BURLINGTON, ON.   Ray Rivers usually writes for us the last part of each week – but his material has a best before date that happens to be Christmas Day – so – from the pen – or keyboard of the Ridiculous Ray River we give you:  A dialogue:

So come on sweetie, you seemed to manage every other year – how many is it now? 

“Yeah I know, but this year it’s seems like I have to deliver more coal than candy, if you know what I mean.”  “What is the problem dearie, its your job.  Do I have to do all the thinking around here?  “ Ok – you’re right – but do you think you could help me with this, honey bunch”?  Fire away, Santa Baby.

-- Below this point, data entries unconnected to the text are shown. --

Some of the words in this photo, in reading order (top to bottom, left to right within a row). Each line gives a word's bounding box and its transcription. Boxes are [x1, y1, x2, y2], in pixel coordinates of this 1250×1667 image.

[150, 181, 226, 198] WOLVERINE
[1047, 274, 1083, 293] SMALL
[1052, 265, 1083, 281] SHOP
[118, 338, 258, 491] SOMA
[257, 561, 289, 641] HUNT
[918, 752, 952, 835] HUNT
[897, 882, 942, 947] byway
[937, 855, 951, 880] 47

The old pitchman trying to sell a Judge on a golf ball scheme. Chretien at the Gomery Inquiry

 “Jean Chretien?”  Golf balls. “Again?”

 “And Mulroney?”  Has he been good?  “I think so – let me see – yeah he kept his head down this year”  What did he ask for?  “An envelope of unmarked bills… again”. “Why not give some more shoes for Mila and a cheque made out to that disgusting Karl Heinz guy ?

 “Ah, here’s a tough one – Rob Ford”?   I know were supposed to give and not take – but lets do him a favour and take away his recreational drugs.

 

He was born to be different -just how different is something we will have to wait for.

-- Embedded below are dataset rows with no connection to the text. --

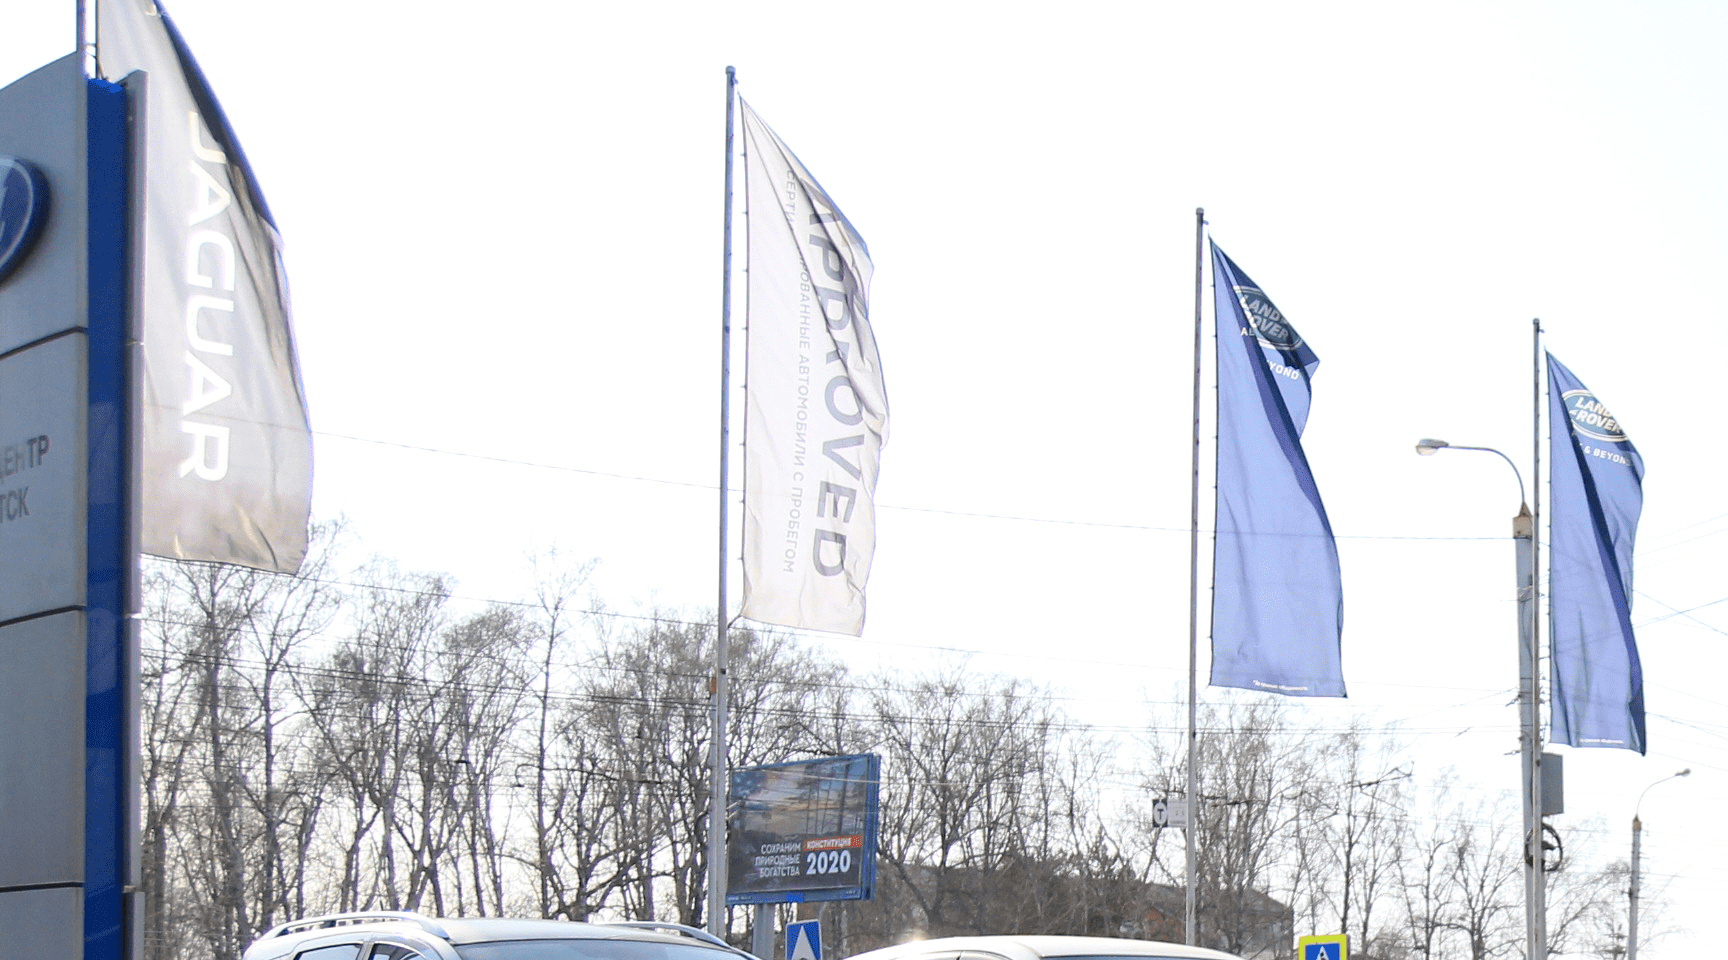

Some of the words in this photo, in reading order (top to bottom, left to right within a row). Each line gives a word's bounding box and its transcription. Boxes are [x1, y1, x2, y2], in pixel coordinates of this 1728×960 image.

[179, 110, 237, 482] JAGUAR
[1268, 360, 1300, 380] YOND
[792, 356, 811, 467] АВТОМОБИЛИ
[0, 434, 51, 480] ЕНТР
[793, 472, 804, 482] С
[783, 487, 804, 573] ПРОБЕГОМ
[761, 842, 801, 855] СОХРАНИМ
[755, 854, 801, 867] ПРИРОДНЫЕ
[759, 866, 801, 878] БОГАТСТВА
[806, 849, 851, 876] 2020

“And Justin Trudeau”?  “Give him Fords drugs.

 “Wow, you’re good at this – so for Stephen Harper some new music so we won’t have to listen to him ruining the Beatles – besides it’s so yesterday… get it, Yesterday.  Oh and some anti-depressants to lighten him up little”. Yes, thats the spirit you ole flying-sleigh driver – and maybe do something to stop his nose from growing every time he opens his mouth

 “By Jove, I think I’m on a roll.  For Pamela Wallin a new board directorship.  She no longer has to pretend she is doing Senate work.  I’ll put it conveniently in Saskatchewan.  Mike Duffy’ll get a subscription to weight watchers and Nigel Wright a cheque for $90,000.  I’ll drop off some boxing lessons for Patrick Brazeau, so he won’t get whipped so pathetically by Trudeau next time around.

 “Dont forget to give Joe Oliver and the NEB a lump of coal for pushing so hard for those pipelines“Better still, I’ll give him a pot full of tar smack dab from the tar sands – Brer’ Oliver.  For Jim Flaherty I’ll just wrap up the Ford brothers, he likes them so much – and sending them to Whitby-Oshawa will be Jason Kenny’s gift as well.”

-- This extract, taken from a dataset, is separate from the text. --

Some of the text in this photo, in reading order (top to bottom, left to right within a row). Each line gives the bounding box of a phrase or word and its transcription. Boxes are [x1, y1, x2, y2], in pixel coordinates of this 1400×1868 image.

“For Tom Mulcair I have a shaving kit – you’d think he was competing with me with that hideous looking beard.”  I do hate the whisker burn I end up with after our annual get-it-on whether we need it or not, you old red-coated devil.  “Oh – I can’t leave out Elizabeth May.  How about one of those old classic two-seat Honda hybrids, now that she has finally got another Green Party member to fill the second seat.”

Is this the Whitehorse Post Office?

 “There, youre almost done.  What about that CEO, Chopra, from the Post Office? “Oh yeah I’ll help him get some exercise… a ‘group mail box’ of his very own in Whitehorse.  That man really cares about seniors staying fit.  Oh and I’ll give his gold-plated pension to the Salvation Army.”

 “Let’s not forget Mike Wallace.”  How about a column of his own in the Burlington Gazette?  “Right, but does he have anything to say?  And since you mention that, how about a printing press for Pepper Par so he can give people the feel of a real newspaper.?  There youre all done.  I told you it wouldt be that hard. 

 “Except for that Ray Rivers character.”  Well I know hed be happy if we just wished all the readers a very merry Christmas.

Ray Rivers writes weekly on both federal and provincial politics, applying his more than 25 years as a federal bureaucrat to his thinking.  Rivers was a candidate for provincial office in Burlington where he ran against Cam Jackson in 1995, the year Mike Harris and the Common Sense Revolution swept the province. He developed the current policy process for the Ontario Liberal Party.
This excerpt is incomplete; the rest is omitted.